Your copy should begin with the line containing "this 1440×959 image.", end with the line containing "this 1624×1080 image.", match the listing below exactly, and contain no pictures.

• _Material shown_
= = = = = = =
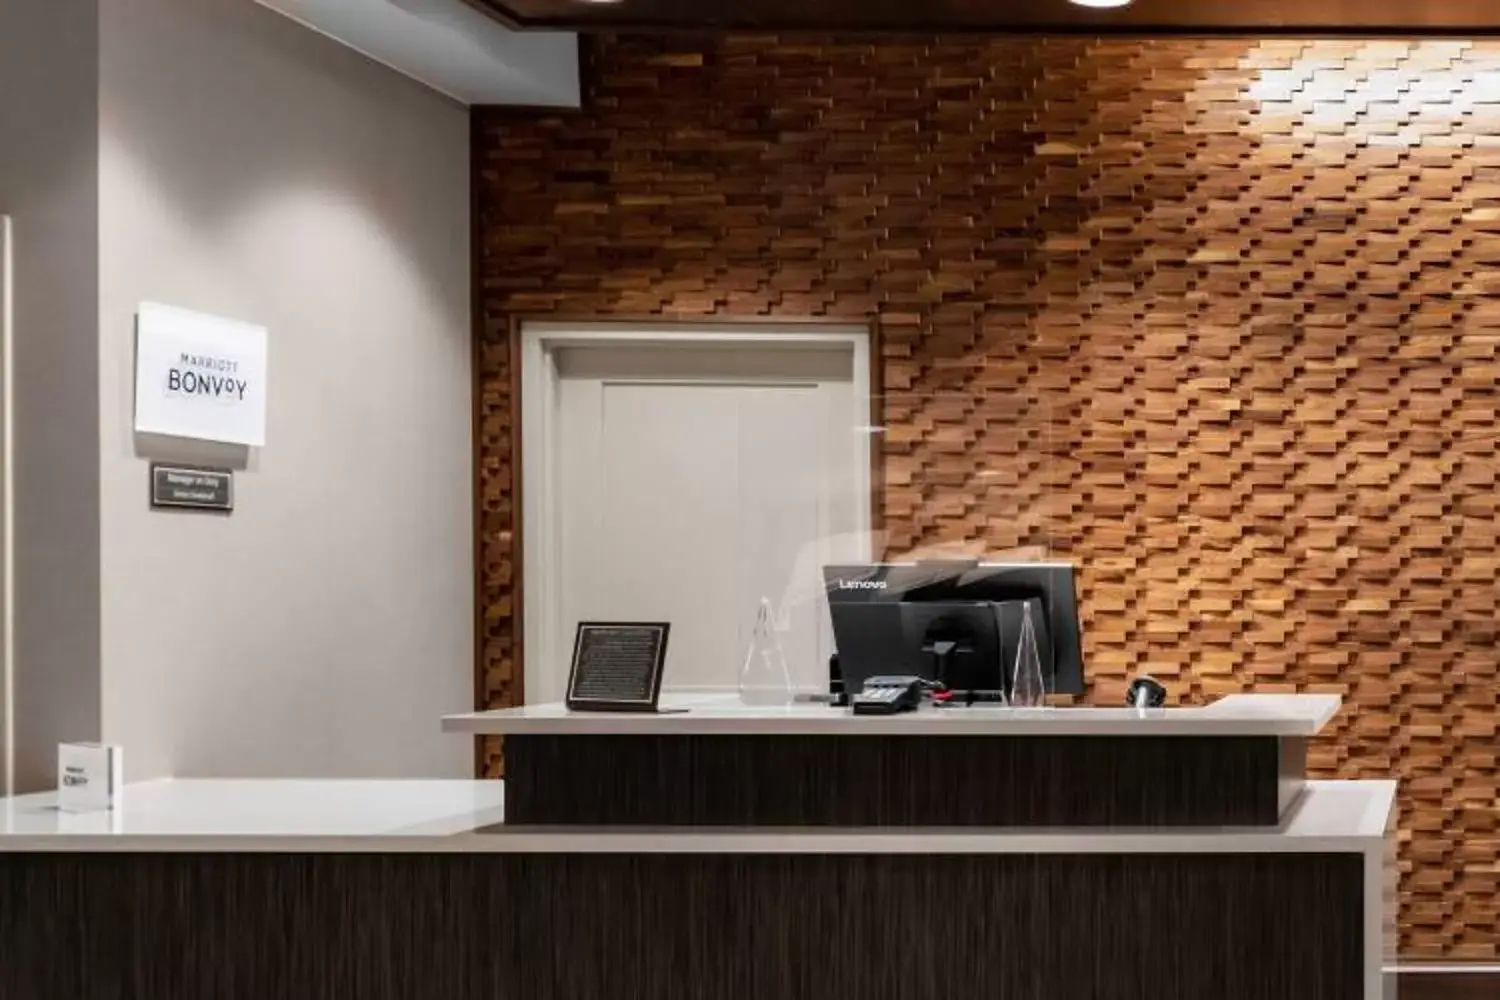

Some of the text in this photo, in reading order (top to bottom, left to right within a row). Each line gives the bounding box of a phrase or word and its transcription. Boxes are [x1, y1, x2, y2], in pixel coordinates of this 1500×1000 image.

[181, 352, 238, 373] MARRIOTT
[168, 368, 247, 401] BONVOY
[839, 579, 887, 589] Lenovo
= = = = = = =
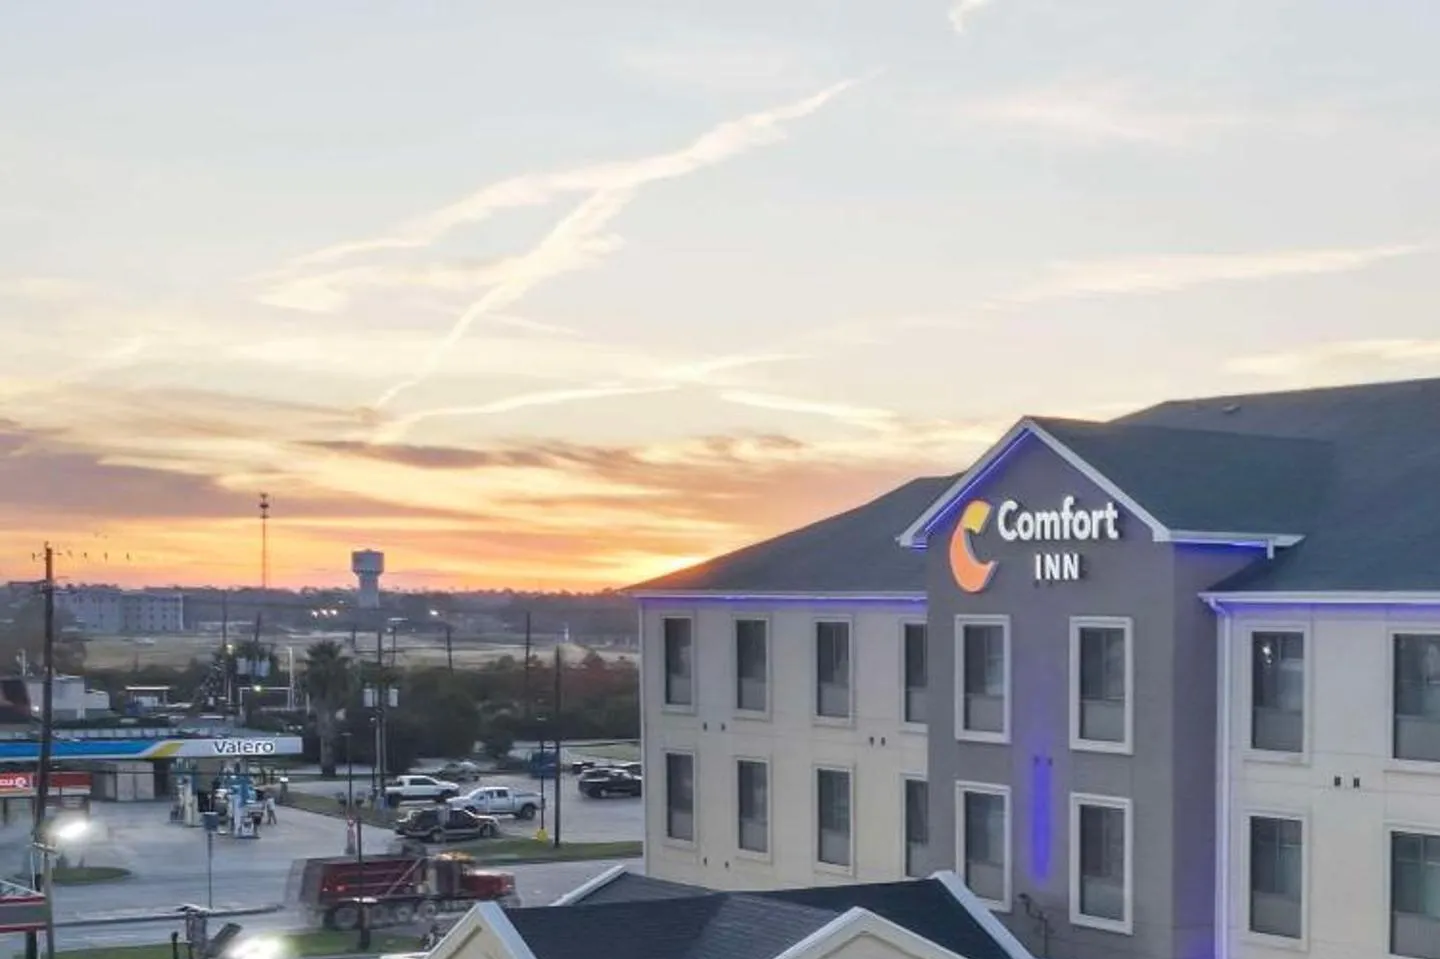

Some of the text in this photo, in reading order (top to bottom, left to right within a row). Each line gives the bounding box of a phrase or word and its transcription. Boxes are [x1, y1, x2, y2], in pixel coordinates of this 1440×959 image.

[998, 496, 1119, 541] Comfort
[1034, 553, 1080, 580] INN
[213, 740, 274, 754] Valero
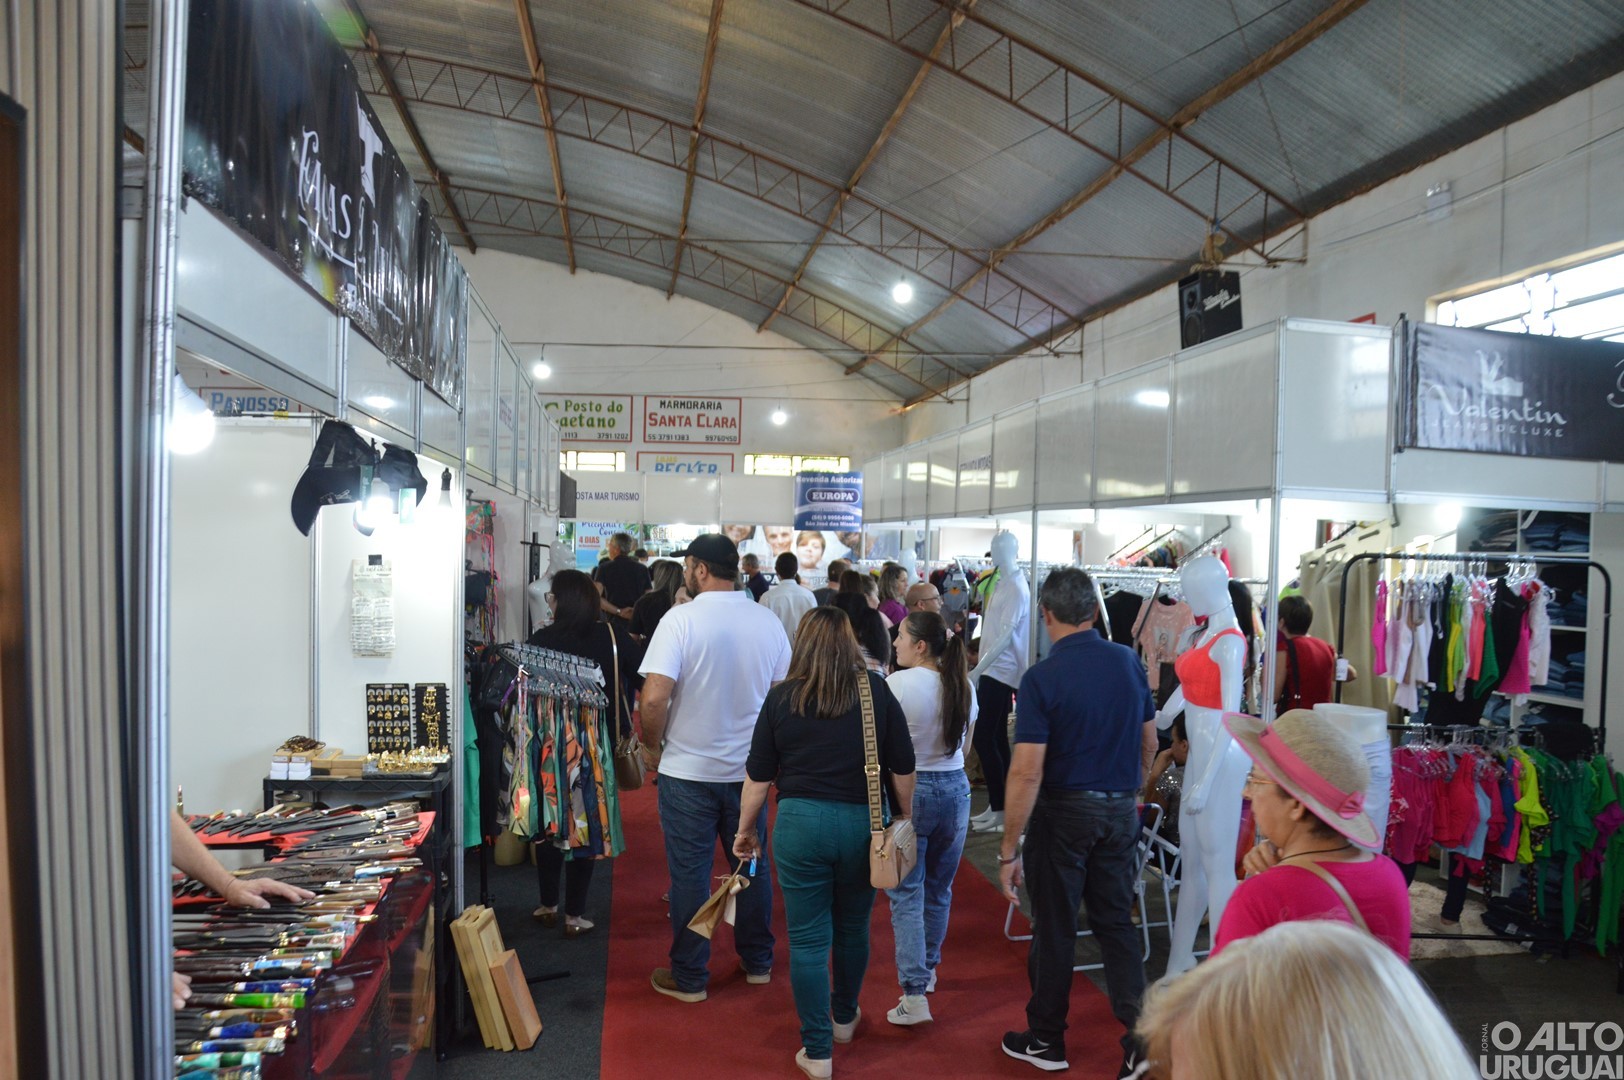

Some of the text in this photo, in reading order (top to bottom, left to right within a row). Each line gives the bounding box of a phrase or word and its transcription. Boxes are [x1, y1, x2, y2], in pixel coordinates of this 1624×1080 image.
= = = = = = =
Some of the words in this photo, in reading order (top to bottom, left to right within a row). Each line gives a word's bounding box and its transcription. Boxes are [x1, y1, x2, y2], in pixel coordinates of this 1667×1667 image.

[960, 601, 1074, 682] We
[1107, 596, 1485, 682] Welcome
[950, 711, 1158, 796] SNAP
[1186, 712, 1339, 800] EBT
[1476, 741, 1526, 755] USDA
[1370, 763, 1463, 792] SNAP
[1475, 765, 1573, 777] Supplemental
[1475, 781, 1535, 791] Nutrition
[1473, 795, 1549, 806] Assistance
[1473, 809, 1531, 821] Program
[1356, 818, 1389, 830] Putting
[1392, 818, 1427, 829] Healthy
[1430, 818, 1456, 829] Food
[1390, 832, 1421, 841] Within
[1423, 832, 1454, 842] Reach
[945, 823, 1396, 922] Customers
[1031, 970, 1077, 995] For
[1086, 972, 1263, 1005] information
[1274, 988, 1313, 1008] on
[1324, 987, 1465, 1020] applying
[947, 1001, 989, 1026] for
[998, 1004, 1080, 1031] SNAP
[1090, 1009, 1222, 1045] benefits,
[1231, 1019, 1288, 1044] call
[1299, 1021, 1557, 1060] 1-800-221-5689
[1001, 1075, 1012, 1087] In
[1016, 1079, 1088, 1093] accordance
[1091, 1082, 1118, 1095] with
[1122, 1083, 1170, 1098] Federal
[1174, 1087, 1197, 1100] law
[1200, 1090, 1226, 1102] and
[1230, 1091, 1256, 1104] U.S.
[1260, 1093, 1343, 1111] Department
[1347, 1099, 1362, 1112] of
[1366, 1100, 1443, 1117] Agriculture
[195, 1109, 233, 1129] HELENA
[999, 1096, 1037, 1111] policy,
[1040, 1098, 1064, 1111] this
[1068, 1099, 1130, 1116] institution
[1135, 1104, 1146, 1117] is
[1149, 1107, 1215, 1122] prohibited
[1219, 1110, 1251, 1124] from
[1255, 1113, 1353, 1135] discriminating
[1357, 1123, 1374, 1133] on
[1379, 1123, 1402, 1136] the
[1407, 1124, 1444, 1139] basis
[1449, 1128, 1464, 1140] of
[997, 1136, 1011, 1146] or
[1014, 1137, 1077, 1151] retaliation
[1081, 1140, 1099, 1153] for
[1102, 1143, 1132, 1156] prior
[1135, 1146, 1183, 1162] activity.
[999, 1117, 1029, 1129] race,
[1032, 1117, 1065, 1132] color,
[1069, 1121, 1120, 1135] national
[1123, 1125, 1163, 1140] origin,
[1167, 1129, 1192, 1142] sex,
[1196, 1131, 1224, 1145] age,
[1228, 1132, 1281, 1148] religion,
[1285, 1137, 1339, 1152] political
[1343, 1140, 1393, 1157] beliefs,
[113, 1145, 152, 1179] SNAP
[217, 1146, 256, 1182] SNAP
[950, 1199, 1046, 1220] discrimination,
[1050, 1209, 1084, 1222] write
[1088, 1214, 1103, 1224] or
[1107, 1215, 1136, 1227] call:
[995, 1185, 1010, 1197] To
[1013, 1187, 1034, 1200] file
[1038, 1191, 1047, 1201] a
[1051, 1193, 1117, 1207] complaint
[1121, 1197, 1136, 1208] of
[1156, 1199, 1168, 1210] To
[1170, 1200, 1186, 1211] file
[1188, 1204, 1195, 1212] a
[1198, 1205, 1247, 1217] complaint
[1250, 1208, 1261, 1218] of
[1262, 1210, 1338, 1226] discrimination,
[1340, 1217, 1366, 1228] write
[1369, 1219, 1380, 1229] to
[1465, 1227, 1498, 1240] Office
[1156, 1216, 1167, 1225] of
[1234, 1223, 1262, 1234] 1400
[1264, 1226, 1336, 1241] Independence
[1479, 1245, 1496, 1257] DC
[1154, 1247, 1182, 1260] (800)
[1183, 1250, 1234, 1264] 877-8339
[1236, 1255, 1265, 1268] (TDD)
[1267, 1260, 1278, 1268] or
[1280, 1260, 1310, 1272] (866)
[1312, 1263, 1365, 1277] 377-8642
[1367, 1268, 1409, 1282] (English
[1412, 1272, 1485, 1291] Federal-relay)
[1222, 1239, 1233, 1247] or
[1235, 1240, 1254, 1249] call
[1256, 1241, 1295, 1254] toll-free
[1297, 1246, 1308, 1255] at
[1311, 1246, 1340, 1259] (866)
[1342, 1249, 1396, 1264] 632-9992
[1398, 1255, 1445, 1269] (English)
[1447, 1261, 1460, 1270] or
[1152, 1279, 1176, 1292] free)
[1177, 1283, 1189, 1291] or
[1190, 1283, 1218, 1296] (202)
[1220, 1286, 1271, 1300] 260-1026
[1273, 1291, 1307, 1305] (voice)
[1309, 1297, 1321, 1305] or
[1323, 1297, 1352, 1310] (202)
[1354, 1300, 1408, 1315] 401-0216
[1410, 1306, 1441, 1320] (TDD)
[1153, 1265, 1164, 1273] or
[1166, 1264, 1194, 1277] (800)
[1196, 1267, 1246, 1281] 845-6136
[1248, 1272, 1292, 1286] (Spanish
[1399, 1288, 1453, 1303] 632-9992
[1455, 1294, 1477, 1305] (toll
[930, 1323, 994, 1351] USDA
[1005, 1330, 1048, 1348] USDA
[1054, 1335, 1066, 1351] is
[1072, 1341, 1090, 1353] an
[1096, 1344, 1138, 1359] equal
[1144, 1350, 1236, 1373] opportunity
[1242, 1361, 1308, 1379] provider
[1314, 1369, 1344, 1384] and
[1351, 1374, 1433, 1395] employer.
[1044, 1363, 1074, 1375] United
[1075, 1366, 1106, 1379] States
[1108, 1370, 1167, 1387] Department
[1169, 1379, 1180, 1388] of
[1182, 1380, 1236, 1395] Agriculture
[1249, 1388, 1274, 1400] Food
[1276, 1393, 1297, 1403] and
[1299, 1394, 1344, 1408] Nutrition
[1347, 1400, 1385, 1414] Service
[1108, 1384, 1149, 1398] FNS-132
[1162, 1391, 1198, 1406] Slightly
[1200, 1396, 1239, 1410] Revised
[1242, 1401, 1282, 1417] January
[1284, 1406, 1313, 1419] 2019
= = = = = = =
• _Response_
Some of the text in this photo, in reading order (top to bottom, left to right within a row). Each line gives the bounding box of a phrase or word and its transcription. Boxes are [x1, y1, x2, y2], in pixel coordinates of this 1440×959 image.

[998, 496, 1119, 541] Comfort
[1034, 553, 1080, 580] INN
[213, 740, 274, 754] Valero

Some of the text in this photo, in reading order (top to bottom, left to right within a row). Each line gives the bounding box of a phrase or word and its transcription. Boxes are [x1, y1, x2, y2], in pixel coordinates of this 1624×1080 image.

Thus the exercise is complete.